Une nation court à la ruine quand elle célèbre la diversité tout en niant – explicitement ou implicitement – les vérités stables qui, au moins jadis, ont uni la nation. Ce n’est pas pour rien que Lincoln, dans un passage célèbre, reprend la sagesse de Marc 3 :25 qui dit qu’une maison divisée contre elle-même ne peut durer.

Alors que l’administration Trump commence à prendre forme, elle le fait face à un horizon de profonde division de la nation. Le principal élément de cette division est, bien sûr, théologique. Les Américains aujourd’hui se trouvent en vif désaccord quant à l’existence – pour ne rien dire de la nature – de Dieu.
Cet état de division se fait jour dans ces controverses corrosives que l’on qualifie à tort de questions sociales quand, en fait, il s’agit de sujets fondamentalement théologiques et moraux : début et fin de vie, nature du mariage, contenu et du caractère de l’éducation publique (et catholique).
Au cœur de ces questions, les problèmes moraux sont des débats sur le Commandement d’Amour. Si vous voulez voir ce genre de débat, questionnez sur l’amour de Dieu un musulman bien informé et ensuite questionnez un catholique bien informé. Ils vont parler, semble-t-il, de « Dieux » très différents.
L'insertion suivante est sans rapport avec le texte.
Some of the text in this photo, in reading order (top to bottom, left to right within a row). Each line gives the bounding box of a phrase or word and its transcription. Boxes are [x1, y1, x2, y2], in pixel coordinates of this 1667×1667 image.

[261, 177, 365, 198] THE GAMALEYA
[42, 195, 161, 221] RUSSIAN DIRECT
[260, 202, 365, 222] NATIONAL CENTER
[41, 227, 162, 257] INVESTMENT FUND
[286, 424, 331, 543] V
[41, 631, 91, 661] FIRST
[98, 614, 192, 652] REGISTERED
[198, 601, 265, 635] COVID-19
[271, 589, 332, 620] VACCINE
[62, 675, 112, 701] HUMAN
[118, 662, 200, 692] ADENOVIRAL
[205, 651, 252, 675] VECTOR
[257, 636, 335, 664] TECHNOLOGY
Malgré les déclarations qui se veulent réconfortantes de Vatican II dans sa « Déclaration sur les relations de l’Église avec les religions non-chrétiennes » (Nostra Ætate) où chrétiens et musulmans travaillent « ensemble à préserver et promouvoir la paix, la liberté, la justice sociale et les valeurs morales », la réconciliation entre l’Islam et le christianisme est, c’est le moins qu’on puisse dire, improbable.
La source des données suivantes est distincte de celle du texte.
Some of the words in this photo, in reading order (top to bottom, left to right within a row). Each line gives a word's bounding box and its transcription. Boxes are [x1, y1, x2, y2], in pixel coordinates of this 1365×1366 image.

La pratique sans réserve du Commandement d’Amour (tel qu’on la trouve par exemple dans Matthieu 22 :34-40) n’a jamais été facile. Mais elle devient encore plus difficile dans une société qui considère le jugement éthique comme un droit auto-référentiel. Notre sens moral national – et parfois même, semble-t-il, le sens moral de l’Eglise – est gouverné par le « Magistère du Miroir », où on la conscience se forme en consultant ses souhaits personnels.
Le débat théologique sur le Commandement d’Amour rejoint le débat politique sur la réalité du Péché. On n’accorde plus beaucoup d’importance au Péché dans la société, mais sans lui nos institutions publiques ne sont pas pleinement en contact avec la réalité. « Qu’est-ce que le gouvernement lui-même » demandait Madison dans Federalist 51, «  sinon la plus importante de toutes les réflexions sur la nature humaine ? Si les hommes étaient des anges, il n’y aurait besoin d’aucun gouvernement. Si des anges devaient gouverner des hommes, il n’y aurait besoin d’aucun contrôle ni internel ni éternel sur le gouvernement. »
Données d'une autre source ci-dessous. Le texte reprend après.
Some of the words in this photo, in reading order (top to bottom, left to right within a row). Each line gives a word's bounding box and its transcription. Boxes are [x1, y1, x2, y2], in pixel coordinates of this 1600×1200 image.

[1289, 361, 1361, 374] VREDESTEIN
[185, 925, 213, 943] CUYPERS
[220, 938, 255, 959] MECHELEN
Les fondateurs, des gens bien éduqués de leur temps, avaient sans aucun doute lu Jérémie et Paul. Ils n’ignoraient sans doute pas, comme nous avons tendance à le faire, la sagesse humaine que contiennent les avertissements de Jérémie « Maudit est l’homme qui met sa confiance dans l’homme et fait chair son bras, dont le cœur se détourne du Seigneur » (17 :5) Ou les mots de Paul : « Les œuvres de la chair sont évidentes : immoralité, impureté, débauche, idolâtrie, sorcellerie. » (Gal 5 : 19-20) De ces avertissements bibliques et historiques sont nées les structures que nous appelons Séparation des Pouvoirs, qui visent sagement à empêcher la consolidation de la force politique au sein de et par tout organisme de gouvernement.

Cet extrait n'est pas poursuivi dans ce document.